It's impressive how you can see the ESTJ attitude during my whole life, I was truly blind to think I was not! Me an Intuitive??? Tsk, absurd! And the tests were all wrong too! I did severals, all the ones I've found online and they typed me INTJ??? How inaccuracy!... I really don't know how to thank you for make me understand I'm ESTJ. 
But I'm sure you already knew all that stuff... You know myself better than I do!


----------



## Entropic (Jun 15, 2012)

tantomoriremotutti said:


> I spent the last week organizing a grilled charity to purchase a new ambulance.
> The grilled was last night and I was one of the cooks.
> 
> I made a friend of mine freak out because:
> ...


Doesn't mean anything.

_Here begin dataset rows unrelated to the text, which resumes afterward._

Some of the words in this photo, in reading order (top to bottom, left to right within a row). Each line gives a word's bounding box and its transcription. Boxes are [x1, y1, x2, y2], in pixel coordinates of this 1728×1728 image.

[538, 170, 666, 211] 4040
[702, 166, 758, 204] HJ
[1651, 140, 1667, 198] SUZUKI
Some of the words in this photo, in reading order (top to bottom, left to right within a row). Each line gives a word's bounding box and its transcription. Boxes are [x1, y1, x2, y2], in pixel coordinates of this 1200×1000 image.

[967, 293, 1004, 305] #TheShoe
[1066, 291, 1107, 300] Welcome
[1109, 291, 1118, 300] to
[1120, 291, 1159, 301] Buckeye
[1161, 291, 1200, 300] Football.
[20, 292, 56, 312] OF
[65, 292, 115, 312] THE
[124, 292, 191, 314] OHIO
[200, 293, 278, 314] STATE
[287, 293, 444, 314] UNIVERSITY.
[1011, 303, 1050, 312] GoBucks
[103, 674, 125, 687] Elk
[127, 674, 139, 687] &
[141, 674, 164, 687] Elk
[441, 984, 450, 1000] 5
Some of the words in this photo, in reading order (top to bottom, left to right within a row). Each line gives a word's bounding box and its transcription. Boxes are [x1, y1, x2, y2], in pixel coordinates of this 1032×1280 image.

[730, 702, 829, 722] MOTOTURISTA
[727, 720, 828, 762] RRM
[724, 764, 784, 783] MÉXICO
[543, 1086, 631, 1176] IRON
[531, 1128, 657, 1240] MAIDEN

Seems unrelated to cognitive type. Anyone can approximate. 



> - I could know the the temperature of the grids just holding my hands above them with an approximation of 10-15 degrees (he checked with a laser thermometer).


Could superficially be related to sensing. 



> - I cut a single line of sausages in 200 pieces, everyone with a weight between 95 and 100 grams.


Doesn't mean anything though one could make a vague argument for Si. 



> - I guess the area of the room just looking at it.


Some form of judgement. 



> - I guess the length and the volume of every material we had and decided the disposition without measuring.


Judgement. 



> - I guess the ingredients (and the amount of the ingredients) of the marinade just smelling it.


Sensation with judgement. 



> - I could cook to perfection the meat without taste it, just looking at the color.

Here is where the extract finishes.